> **TASK DIRECTIONS**
Make an exact copy of all the data, pictures excluded.

──────

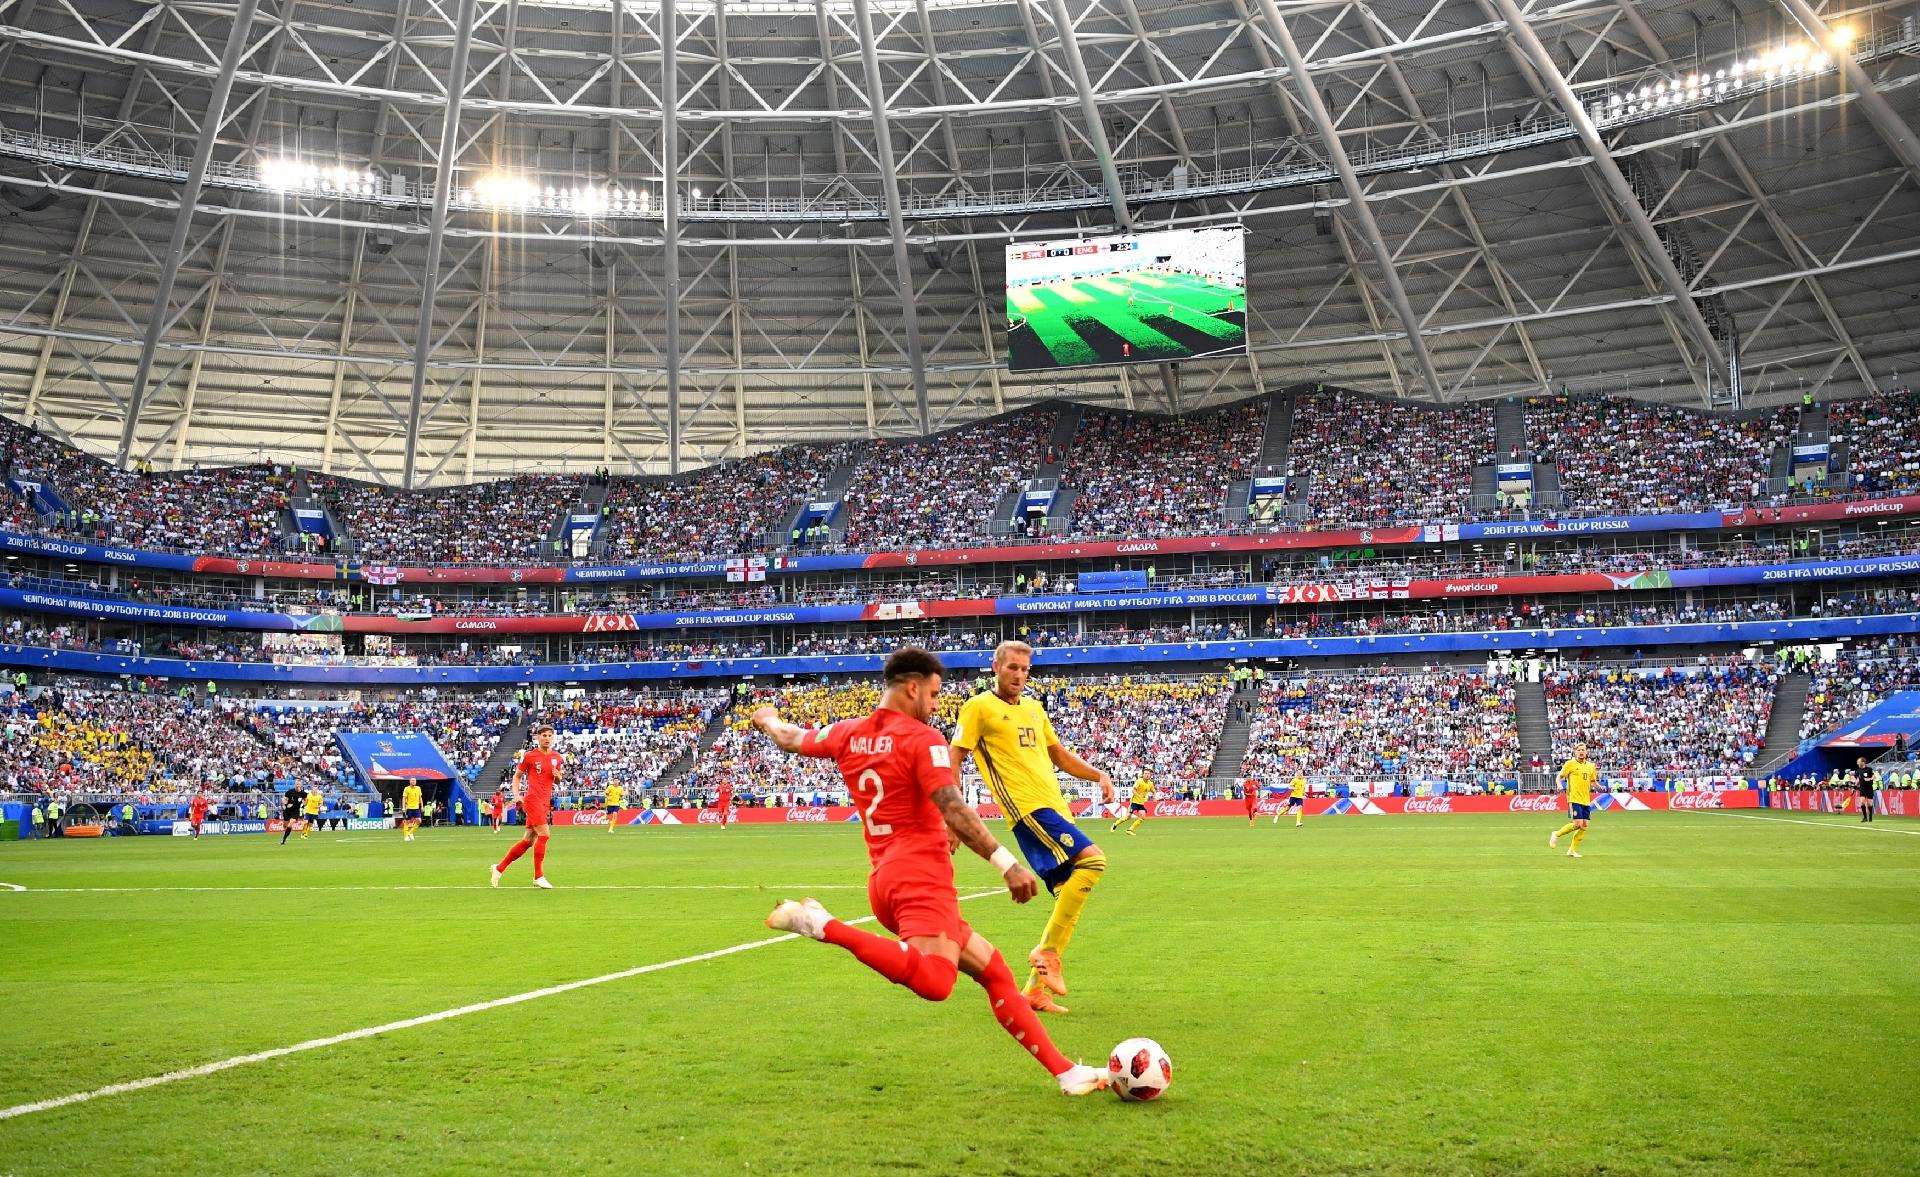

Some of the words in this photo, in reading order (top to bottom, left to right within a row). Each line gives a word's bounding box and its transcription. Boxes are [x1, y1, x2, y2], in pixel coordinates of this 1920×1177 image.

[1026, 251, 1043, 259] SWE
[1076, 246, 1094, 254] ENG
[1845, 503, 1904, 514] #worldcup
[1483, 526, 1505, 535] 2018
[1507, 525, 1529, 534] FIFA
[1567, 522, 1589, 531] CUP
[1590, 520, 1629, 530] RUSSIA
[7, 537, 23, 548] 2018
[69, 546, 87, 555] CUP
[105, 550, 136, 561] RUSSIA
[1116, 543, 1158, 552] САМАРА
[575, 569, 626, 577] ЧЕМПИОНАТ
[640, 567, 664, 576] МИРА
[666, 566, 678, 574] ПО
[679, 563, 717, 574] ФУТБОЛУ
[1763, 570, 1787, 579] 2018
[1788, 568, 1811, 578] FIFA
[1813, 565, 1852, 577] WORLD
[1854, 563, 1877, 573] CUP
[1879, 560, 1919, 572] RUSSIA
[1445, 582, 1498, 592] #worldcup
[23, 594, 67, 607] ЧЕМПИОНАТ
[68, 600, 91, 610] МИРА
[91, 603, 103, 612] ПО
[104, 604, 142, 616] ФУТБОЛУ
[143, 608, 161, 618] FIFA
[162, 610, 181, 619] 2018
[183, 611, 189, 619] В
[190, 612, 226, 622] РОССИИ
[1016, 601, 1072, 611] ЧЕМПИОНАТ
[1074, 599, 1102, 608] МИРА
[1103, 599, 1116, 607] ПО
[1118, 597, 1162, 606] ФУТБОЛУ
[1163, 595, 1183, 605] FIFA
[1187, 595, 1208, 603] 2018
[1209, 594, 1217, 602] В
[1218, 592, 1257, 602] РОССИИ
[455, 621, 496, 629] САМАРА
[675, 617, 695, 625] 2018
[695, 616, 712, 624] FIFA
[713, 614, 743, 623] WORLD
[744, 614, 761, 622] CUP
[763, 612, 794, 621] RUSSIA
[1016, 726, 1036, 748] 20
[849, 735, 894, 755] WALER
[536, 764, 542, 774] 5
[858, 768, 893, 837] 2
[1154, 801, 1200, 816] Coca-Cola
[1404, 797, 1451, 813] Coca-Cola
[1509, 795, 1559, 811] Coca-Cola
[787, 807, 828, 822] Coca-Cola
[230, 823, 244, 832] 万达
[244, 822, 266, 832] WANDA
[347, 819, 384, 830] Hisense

──────

> **EXERCISE SOLUTION**
Some of the words in this photo, in reading order (top to bottom, left to right within a row). Each line gives a word's bounding box and its transcription. Boxes are [x1, y1, x2, y2], in pixel coordinates of this 1920×1177 image.

[1026, 251, 1043, 259] SWE
[1076, 246, 1094, 254] ENG
[1845, 503, 1904, 514] #worldcup
[1483, 526, 1505, 535] 2018
[1507, 525, 1529, 534] FIFA
[1567, 522, 1589, 531] CUP
[1590, 520, 1629, 530] RUSSIA
[7, 537, 23, 548] 2018
[69, 546, 87, 555] CUP
[105, 550, 136, 561] RUSSIA
[1116, 543, 1158, 552] САМАРА
[575, 569, 626, 577] ЧЕМПИОНАТ
[640, 567, 664, 576] МИРА
[666, 566, 678, 574] ПО
[679, 563, 717, 574] ФУТБОЛУ
[1763, 570, 1787, 579] 2018
[1788, 568, 1811, 578] FIFA
[1813, 565, 1852, 577] WORLD
[1854, 563, 1877, 573] CUP
[1879, 560, 1919, 572] RUSSIA
[1445, 582, 1498, 592] #worldcup
[23, 594, 67, 607] ЧЕМПИОНАТ
[68, 600, 91, 610] МИРА
[91, 603, 103, 612] ПО
[104, 604, 142, 616] ФУТБОЛУ
[143, 608, 161, 618] FIFA
[162, 610, 181, 619] 2018
[183, 611, 189, 619] В
[190, 612, 226, 622] РОССИИ
[1016, 601, 1072, 611] ЧЕМПИОНАТ
[1074, 599, 1102, 608] МИРА
[1103, 599, 1116, 607] ПО
[1118, 597, 1162, 606] ФУТБОЛУ
[1163, 595, 1183, 605] FIFA
[1187, 595, 1208, 603] 2018
[1209, 594, 1217, 602] В
[1218, 592, 1257, 602] РОССИИ
[455, 621, 496, 629] САМАРА
[675, 617, 695, 625] 2018
[695, 616, 712, 624] FIFA
[713, 614, 743, 623] WORLD
[744, 614, 761, 622] CUP
[763, 612, 794, 621] RUSSIA
[1016, 726, 1036, 748] 20
[849, 735, 894, 755] WALER
[536, 764, 542, 774] 5
[858, 768, 893, 837] 2
[1154, 801, 1200, 816] Coca-Cola
[1404, 797, 1451, 813] Coca-Cola
[1509, 795, 1559, 811] Coca-Cola
[787, 807, 828, 822] Coca-Cola
[230, 823, 244, 832] 万达
[244, 822, 266, 832] WANDA
[347, 819, 384, 830] Hisense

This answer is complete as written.